Il commercio, quello delle merci in arrivo dal nord Europa, e poi quelle comunicazioni, nel lungo periodo in cui fu sede delle Poste; il commercio, questa volta del lusso, soprattutto italiano, rimane il cardine del Fontego dei Tedeschi che sta perfezionando la sua muta in attesa di mostrarsi a Venezia e al mondo tra quattro mesi.

Il resto è il risultato dell’incontro, quasi mai facile, tra le vestigia del passato e la tecnologia, tra la storia e la sua proiezione, tra la scala mobile rosso color sangue di bue e i merli di pietra della facciata a guardia del ponte di Rialto.

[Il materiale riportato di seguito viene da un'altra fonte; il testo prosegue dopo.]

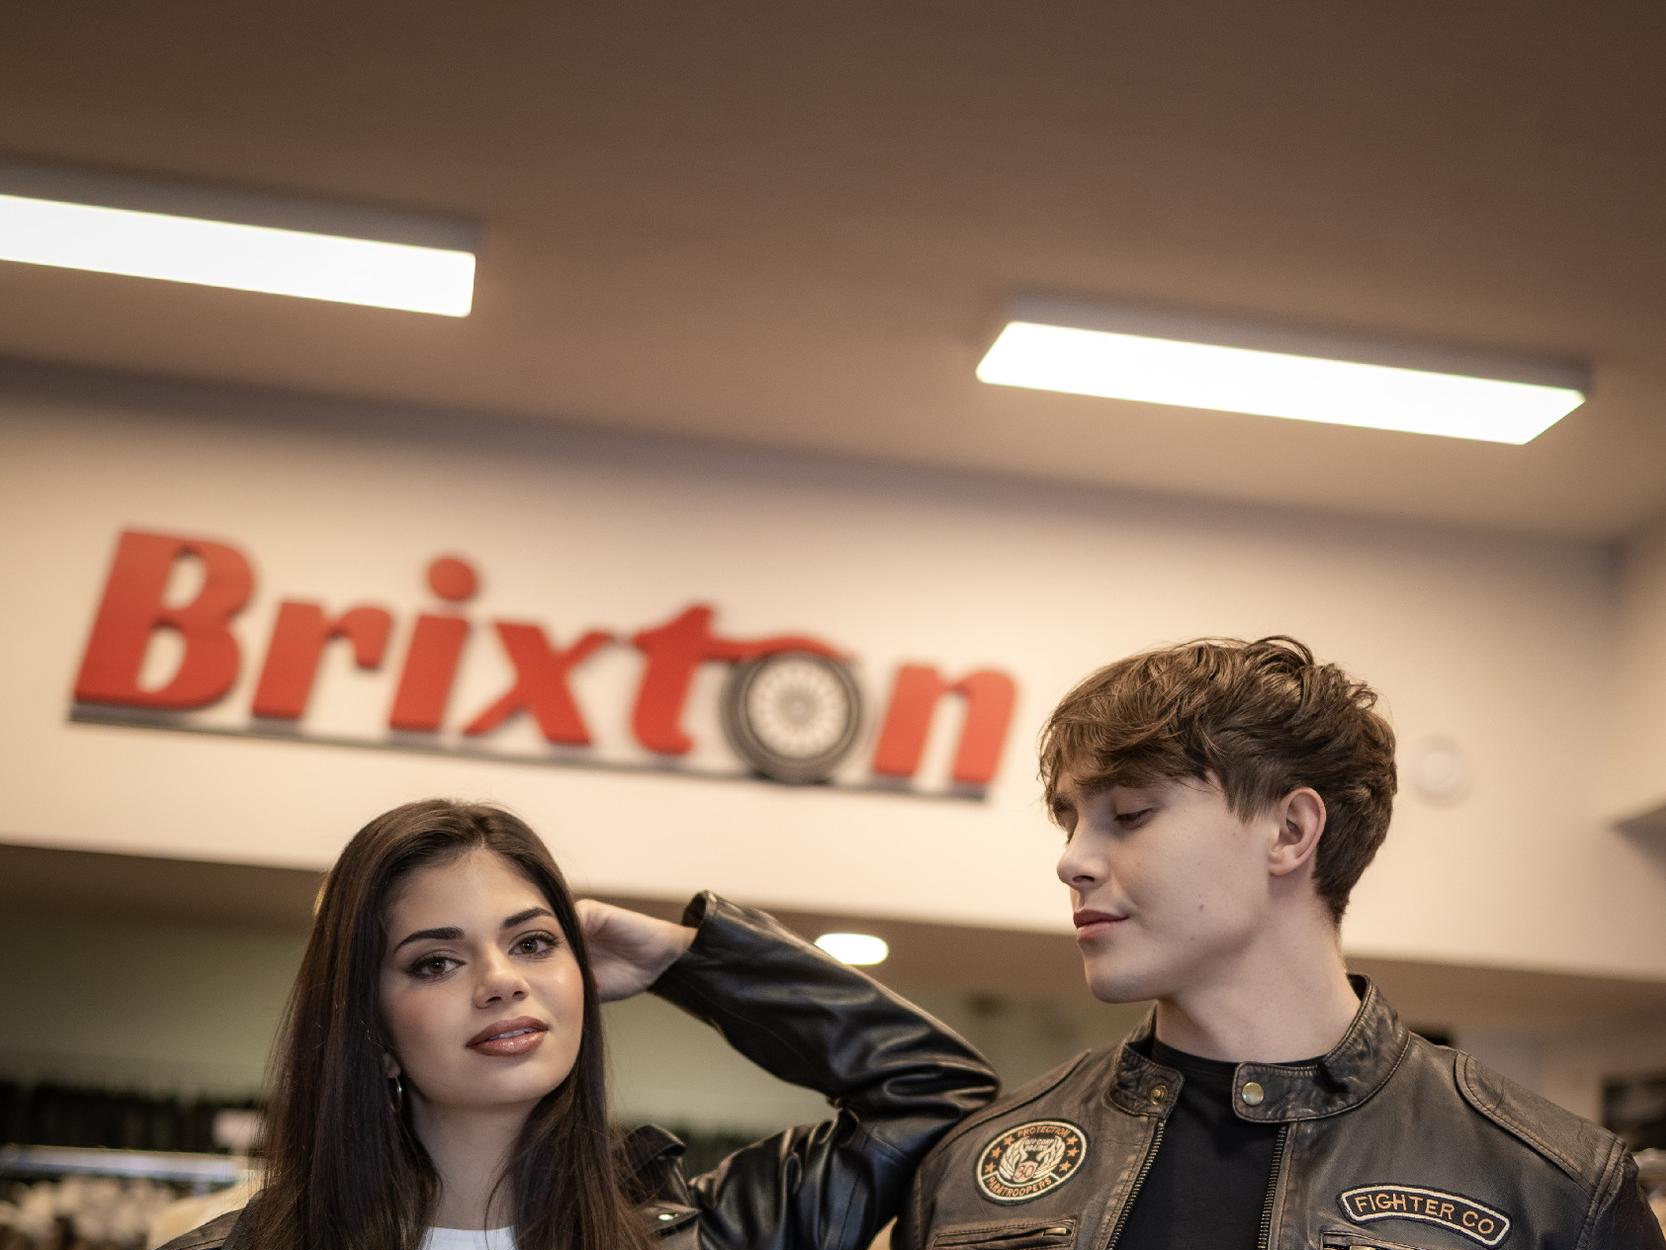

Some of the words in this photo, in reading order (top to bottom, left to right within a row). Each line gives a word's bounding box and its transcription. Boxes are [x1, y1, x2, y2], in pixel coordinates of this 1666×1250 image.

Ecco il Fontego che diventa Fondaco, anzi “T Fondaco dei Tedeschi”, secondo la ristrutturazione voluta da Edizione – la società del Gruppo Benetton proprietaria dell’edificio –, affidata allo Studio Oma dell’architetto Rem Koolhaas e alla Sacaim, e ora, a lavori praticamente conclusi, salda nelle mani del marchio Dfs (Duty Free Shop), controllato dal Gruppo Lvmh, che ha avuto in affitto l’edificio cinquecentesco.

Ecco il Fondaco come lo vedrà la stampa il prossimo 29 settembre e il pubblico il 30 quando duemila lampade illumineranno i 6.800 metri di superficie, le sessanta boutique, le 450 finestre, i quattro ascensori, la scala mobile chiamata “tappeto rosso” (solo in salita) e, sempre più su, il padiglione vetrato tenuto insieme da 22 mila bulloni, l’ultimo piano destinato agli eventi culturali e la terrazza che è panoramica come una ruota: 360 gradi di pura Venezia dal Lido alle Alpi.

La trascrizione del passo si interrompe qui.